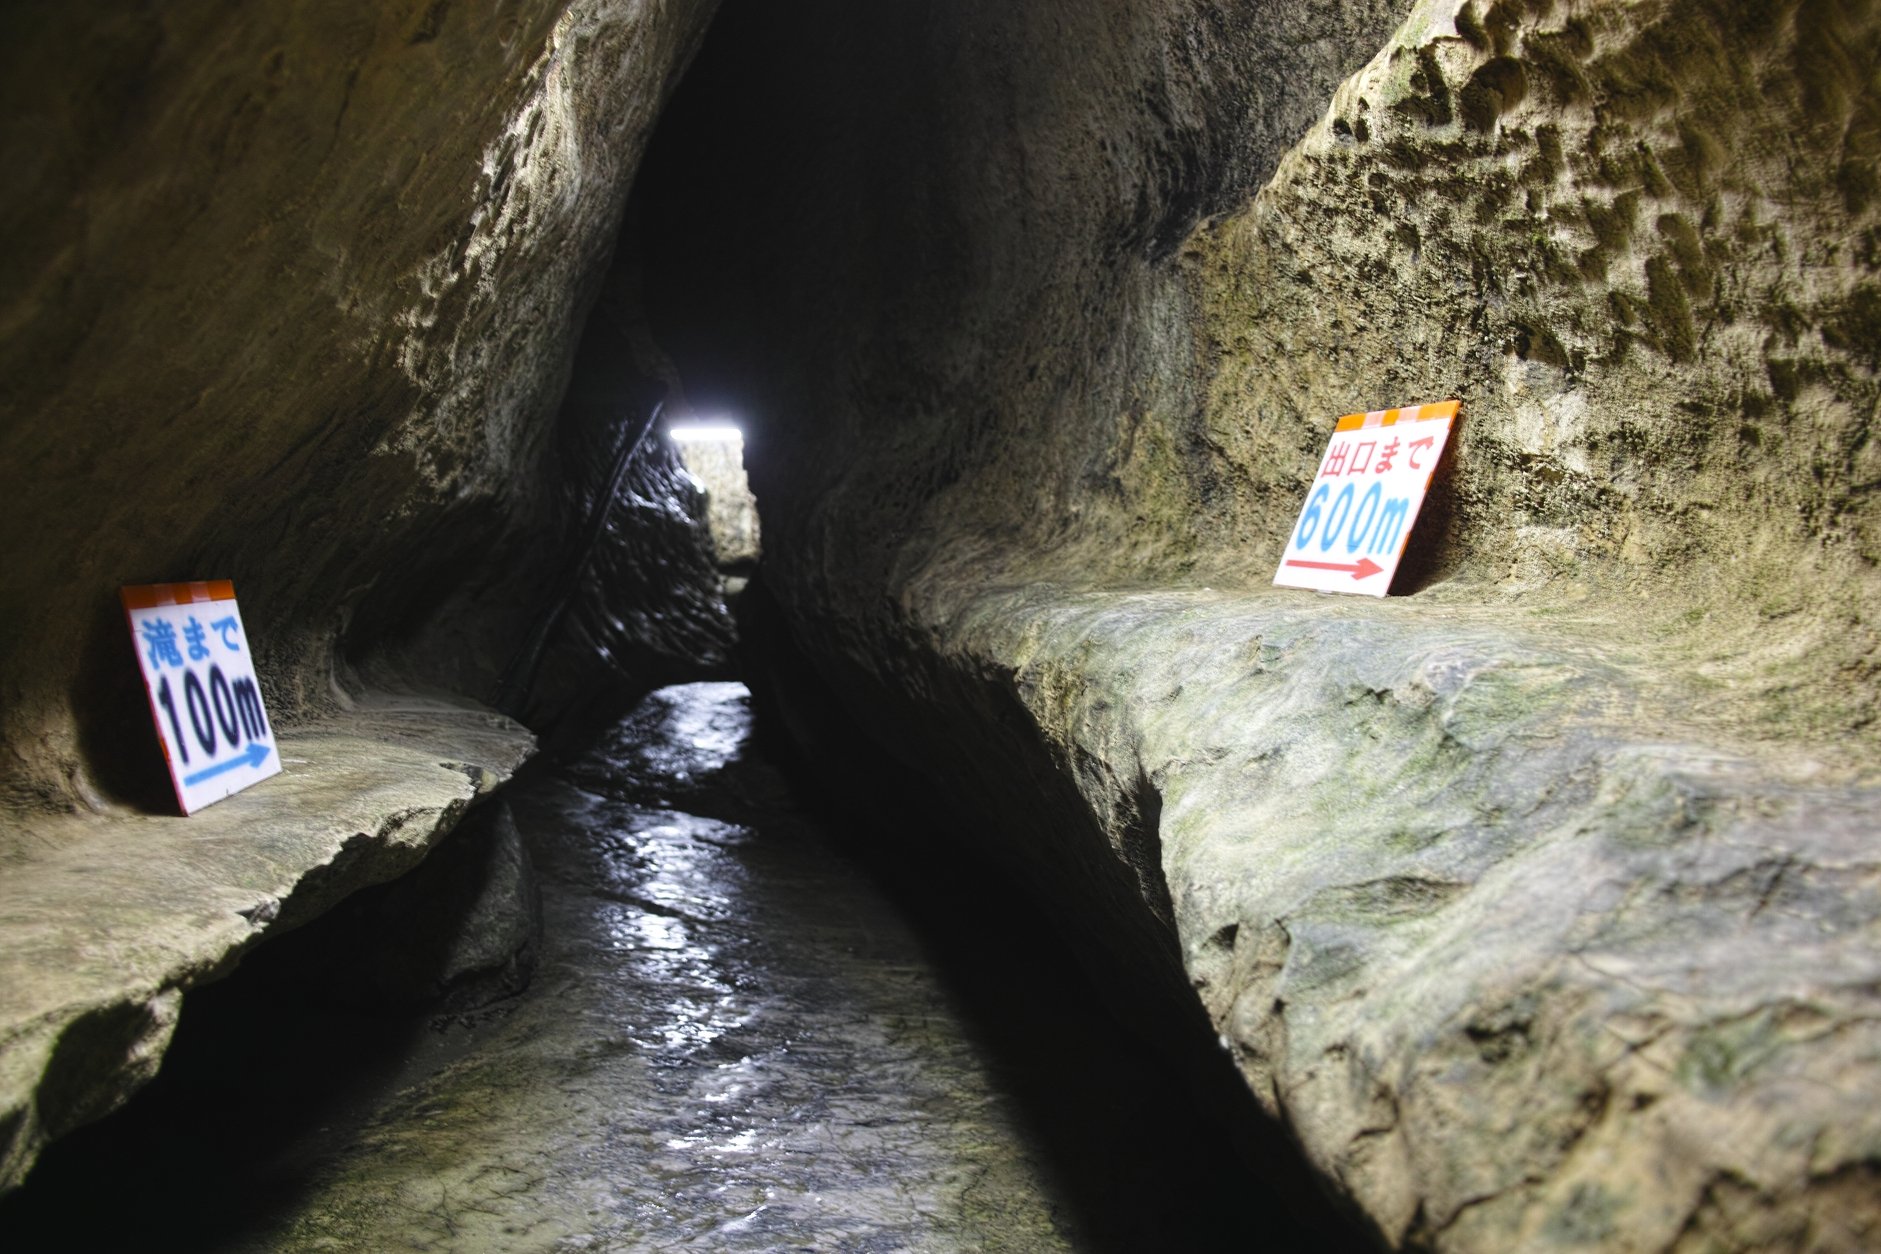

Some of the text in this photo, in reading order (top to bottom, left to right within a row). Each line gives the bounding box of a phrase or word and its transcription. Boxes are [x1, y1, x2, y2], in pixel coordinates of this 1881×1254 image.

[1320, 436, 1434, 478] 出口まで
[1295, 480, 1409, 555] 600m
[142, 615, 240, 670] 滝まで
[157, 662, 266, 766] 100m
____
Task directions :: The entries above must be output exactly, with every image left out.

Solution ::
Some of the text in this photo, in reading order (top to bottom, left to right within a row). Each line gives the bounding box of a phrase or word and its transcription. Boxes are [x1, y1, x2, y2], in pixel coordinates of this 1881×1254 image.

[1320, 436, 1434, 478] 出口まで
[1295, 480, 1409, 555] 600m
[142, 615, 240, 670] 滝まで
[157, 662, 266, 766] 100m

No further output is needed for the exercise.